Wheelock moorings were busy but we squeezed in before walking up to Sandbach for a few boat maintainance bits and pieces from the great cheap hardware store. It’s quite a walk and in reality there are plenty of closer stores but Sandbach is always a must – a reminder of how tricky we thought shopping would be when we started out and set off for Sandbach swamped by rucksacks and in search of supplies.
A quick Goodwood catch up and we were back on the move, round to the water point, into the pet food shop and off. The promised rain didn’t really arrive until late afternoon but then it settled in big style.
No big deal with the warm temperatures at the moment, but the Eberspacher has visited the dinette table again, never a nice sight.
Diggle end of the Standedge Tunnel has delivered some crazy weather. With leaden skies, lightning cracks and rolling thunder the moors have looked dark and menacing. There was walking out there so we anoracked up. Torrential rain meant a quiet hike down to Uppermill yesterday where we trudged through Java in our wellies before steaming under patio heaters with birthday Pimms, Murk there too…as always.
Squelching off again this morning, up past the Diggle Hotel we could see where we needed to be and it was pretty much straight up the side of a craggy hill come mountain. The footpath soon fizzled out and realising we were somewhere we probably shouldn’t have been we carried on. By the end of the semi-treacherous, free-fall boulder climb we were at a chilly height where bilberries are king. Saddleworth moors screamed vast and remote as we poked our way along rugged tracks, discovering gigantic walls of rock and dodging huge holes below the heather.
Clueless, we wandered the wilderness before checking for the unlikely possibility of a Geocache nearby in the hope it might set us back on track.
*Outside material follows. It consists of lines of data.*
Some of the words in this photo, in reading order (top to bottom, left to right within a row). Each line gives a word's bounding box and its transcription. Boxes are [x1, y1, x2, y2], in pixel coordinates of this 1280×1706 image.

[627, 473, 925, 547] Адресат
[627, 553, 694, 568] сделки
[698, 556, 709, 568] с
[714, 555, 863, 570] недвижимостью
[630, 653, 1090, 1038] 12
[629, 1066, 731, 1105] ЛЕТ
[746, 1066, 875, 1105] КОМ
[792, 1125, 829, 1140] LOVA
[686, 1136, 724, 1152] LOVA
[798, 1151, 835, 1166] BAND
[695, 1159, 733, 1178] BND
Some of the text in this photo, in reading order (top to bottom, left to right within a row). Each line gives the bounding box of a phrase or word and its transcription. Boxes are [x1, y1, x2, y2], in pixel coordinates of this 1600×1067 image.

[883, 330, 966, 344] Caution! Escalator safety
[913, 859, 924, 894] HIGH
Sure enough, there it was and after crossing a final boggy patch we arrived at Sykes Pillar, despite standing 1489ft above sea level, arriving at the trig felt like landing right back in civilisation. The remainder was a doddle – a few miles along the top of the moors along to Pots and Pans then down to find ourselves two villages from where the boat was moored.
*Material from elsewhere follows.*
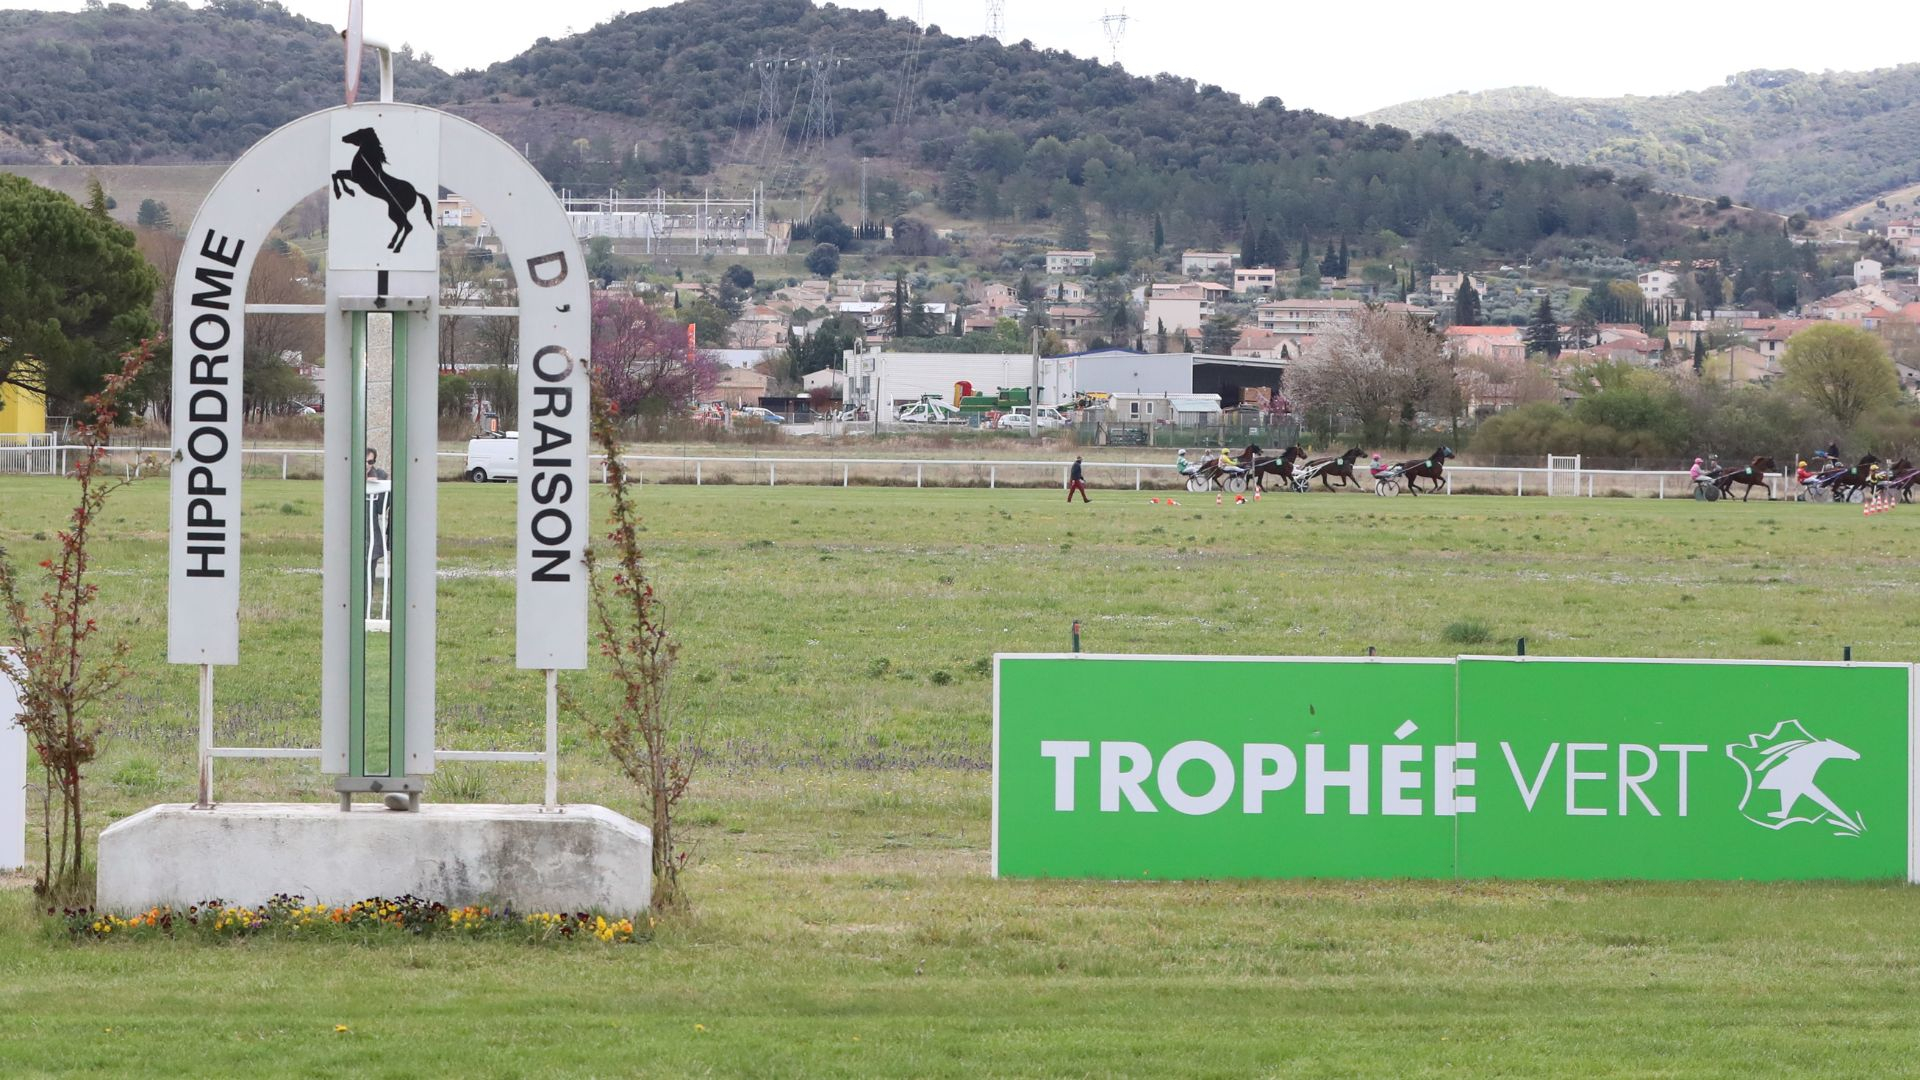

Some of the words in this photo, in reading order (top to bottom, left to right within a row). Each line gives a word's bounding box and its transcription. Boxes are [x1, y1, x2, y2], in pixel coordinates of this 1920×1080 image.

[186, 228, 245, 578] HIPPODROME
[1040, 719, 1477, 816] TROPHÉE
[1500, 741, 1708, 817] VERT
Very quiet up here, just one boat has passed by all weekend.
Somehow the day flew by. Our 5.15 Nayburn Lock booking began an hour early as only one sluice was working which meant a very slow, millimetre by millimetre, emptying lock. Out onto the tidal section, we seemed to be pushing against the water, perhaps the tide hadn’t quite turned. The boat in front soon left us for dust and it dawned on us that almost 15 miles without much tidal assistance was going to take a very long time so we sped up, the engine got a workout. Barely two miles in and the clouds bucketed it down, huge rain – even the drainage channels along the roof couldn’t keep up. We stood like drowned rats watching big river stuff pass by.
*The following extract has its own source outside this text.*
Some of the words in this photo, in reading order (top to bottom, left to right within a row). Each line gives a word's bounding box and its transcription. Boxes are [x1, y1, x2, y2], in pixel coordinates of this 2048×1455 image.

Clothes changed and fire lit things began to cheer up. The boat that blew us away had come back into sight and the tide had picked up carrying us a little. Plenty of enormous obstacles bobbed about, round the final bend we figured the flow didn’t seem too fast and decided the notorious Selby Lock turn should be okay. The boat in front went first before moving into the lock, it’s strange motoring past a lock space supposedly for you. A couple of minutes later we’d turned, straightened into the flow and moved into our lock slot. It was pretty good fun and didn’t even register on the scaryometer but conditions couldn’t have been kinder and the engine behaved very well.